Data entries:
-*-*-
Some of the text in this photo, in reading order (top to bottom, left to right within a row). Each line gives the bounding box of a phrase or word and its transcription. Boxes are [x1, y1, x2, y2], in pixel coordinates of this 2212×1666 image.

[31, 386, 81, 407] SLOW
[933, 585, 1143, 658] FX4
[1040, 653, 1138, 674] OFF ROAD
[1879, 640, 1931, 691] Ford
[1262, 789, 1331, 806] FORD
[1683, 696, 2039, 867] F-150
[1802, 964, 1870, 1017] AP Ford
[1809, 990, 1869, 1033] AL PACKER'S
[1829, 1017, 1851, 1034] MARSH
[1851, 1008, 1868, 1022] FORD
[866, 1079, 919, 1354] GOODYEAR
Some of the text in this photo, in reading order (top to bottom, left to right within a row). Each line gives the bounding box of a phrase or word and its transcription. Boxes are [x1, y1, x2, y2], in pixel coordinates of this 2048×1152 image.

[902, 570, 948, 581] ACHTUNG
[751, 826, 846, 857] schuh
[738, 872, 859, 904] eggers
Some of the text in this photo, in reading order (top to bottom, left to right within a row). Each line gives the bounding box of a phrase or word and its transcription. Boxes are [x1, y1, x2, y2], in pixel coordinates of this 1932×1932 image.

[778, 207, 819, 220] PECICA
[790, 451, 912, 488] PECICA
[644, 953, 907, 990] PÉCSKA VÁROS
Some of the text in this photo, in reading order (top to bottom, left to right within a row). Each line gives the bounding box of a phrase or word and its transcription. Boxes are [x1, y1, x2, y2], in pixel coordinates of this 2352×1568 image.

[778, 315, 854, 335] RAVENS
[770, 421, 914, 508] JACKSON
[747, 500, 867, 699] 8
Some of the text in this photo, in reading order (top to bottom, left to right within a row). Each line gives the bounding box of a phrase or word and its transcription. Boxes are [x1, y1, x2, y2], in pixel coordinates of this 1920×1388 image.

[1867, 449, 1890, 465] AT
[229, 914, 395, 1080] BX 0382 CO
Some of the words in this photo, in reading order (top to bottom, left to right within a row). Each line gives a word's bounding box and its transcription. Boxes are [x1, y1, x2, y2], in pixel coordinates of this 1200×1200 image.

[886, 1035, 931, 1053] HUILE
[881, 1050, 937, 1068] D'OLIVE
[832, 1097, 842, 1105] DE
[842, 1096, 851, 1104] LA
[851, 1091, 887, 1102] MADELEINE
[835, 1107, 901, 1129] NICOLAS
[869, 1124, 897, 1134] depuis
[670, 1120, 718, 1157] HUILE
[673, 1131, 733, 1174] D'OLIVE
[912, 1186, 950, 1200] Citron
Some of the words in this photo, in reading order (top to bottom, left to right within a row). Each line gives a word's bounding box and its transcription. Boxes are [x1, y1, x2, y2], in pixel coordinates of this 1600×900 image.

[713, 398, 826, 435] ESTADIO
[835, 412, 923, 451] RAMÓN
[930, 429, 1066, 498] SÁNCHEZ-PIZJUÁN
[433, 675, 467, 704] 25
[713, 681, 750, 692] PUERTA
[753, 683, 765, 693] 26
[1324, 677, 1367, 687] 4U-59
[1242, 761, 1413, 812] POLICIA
-*-*-
Only the lines from the one that contains "this 1600×900 image." to the end of the data should be output, exactly as they appear.

Some of the words in this photo, in reading order (top to bottom, left to right within a row). Each line gives a word's bounding box and its transcription. Boxes are [x1, y1, x2, y2], in pixel coordinates of this 1600×900 image.

[713, 398, 826, 435] ESTADIO
[835, 412, 923, 451] RAMÓN
[930, 429, 1066, 498] SÁNCHEZ-PIZJUÁN
[433, 675, 467, 704] 25
[713, 681, 750, 692] PUERTA
[753, 683, 765, 693] 26
[1324, 677, 1367, 687] 4U-59
[1242, 761, 1413, 812] POLICIA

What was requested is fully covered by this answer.